Gawrony wywołują u nich dreszcze. Na Wzgórzu Ewangelickim gawrony od lat mają swoje królestwo. I wcale się nie przejęły, że alejki zostały wyłożone polbrukiem, im to nie przeszkadza. Tak samo jak nie przeszkadzają im dachy i elewacje domów, parapety, auta, ogródki przydomowe. Wszędzie można napotkać ślady ich obecności, a ci, którzy tu mieszkają, ze złością i płaczem sprzątają raz za razem, bo co mają robić?
Odporne na wszystko
Do tej pory walka z gawronami polegała na przycinaniu koron drzew i sprowadzeniu specjalnego sprzętu akustycznego, który miał je odstraszyć. Nic z tego - gawrony okazały się odporniejsze, za to mieszkańcy dostawali szału, bo oprócz gawronów mieli też dodatkową atrakcję w postaci hałasu.
- Żyć się tu nie da - pomstują mieszkańcy - Odchody są wszędzie, na alejkach w parku i w naszych ogródkach. Bielizny nie można suszyć, samochodu zostawiać pod chmurką. To jest horror, a nie normalne życie.
Ptak kontra ptak
W ratuszu o problemie wiedzą, ale nie kryją desperacji. - Co roku obniżamy korony, zdejmujemy gniazda, kupiliśmy straszak. I nic - rozkłada ręce Jarosław Rekowski, szef wydziału komunalnego. - Ptaki wracają i na nowo budują gniazda. A teraz jest okres lęgowy, więc nic i tak nie możemy robić.

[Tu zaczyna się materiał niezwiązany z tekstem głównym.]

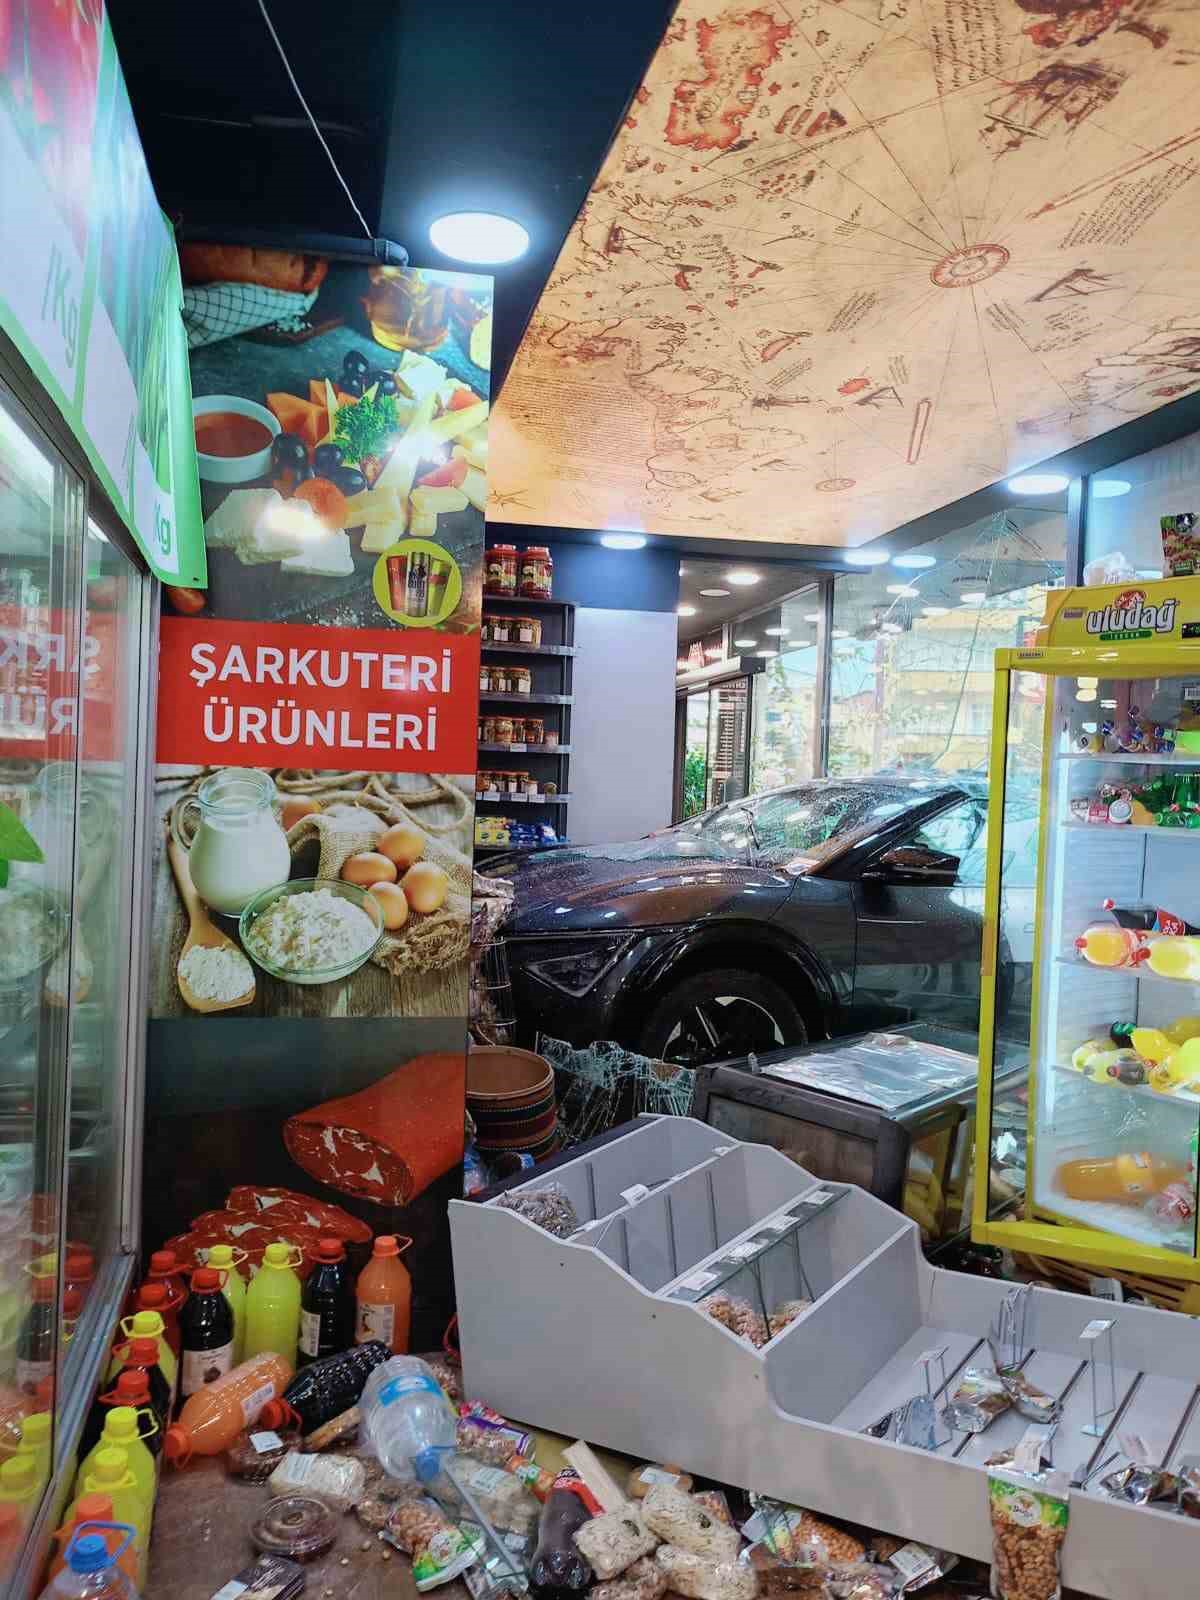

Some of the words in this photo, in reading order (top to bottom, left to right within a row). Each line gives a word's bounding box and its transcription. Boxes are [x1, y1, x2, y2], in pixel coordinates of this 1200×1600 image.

[1086, 598, 1177, 633] uludağ
[188, 643, 452, 693] ŞARKUTERİ
[203, 696, 437, 751] ÜRÜNLERİ

Radą ma być sprowadzenie sokoła z Tucholi. Czy doprowadzi to do zdziesiątkowania populacji, nie wiadomo, ale w ratuszu chwytają się tego jako ostatniej szansy.
Telewizor pod chmurką
Radny Leszek Pepliński, który podjął ostatnio interwencję w tej sprawie, zauważa, że mieszkańcy nie dostali odpowiedzi na swoje dramatyczne pisma, a najstarsze pochodzi z 2006 r. - Coś tu chyba nie jest tak - narzeka radny.
Ponadto podczas wizji lokalnej na ul. Rolbieckiego odkrył dzikie śmietnisko za poseją nr 4, które jest podobno miejscem libacji i zbiórek nieciekawego towarzystwa. Walają się tam plastikowe i szklane butelki, sprzęt elektryczny i elektroniczny, a także .... telewizor marki Grundig.
- Z gawronami to nie ma nic wspólnego - twierdzi Rekowski. - Ale sprawdzimy i spróbujemy namierzyć tych, którzy wywożą tu śmieci.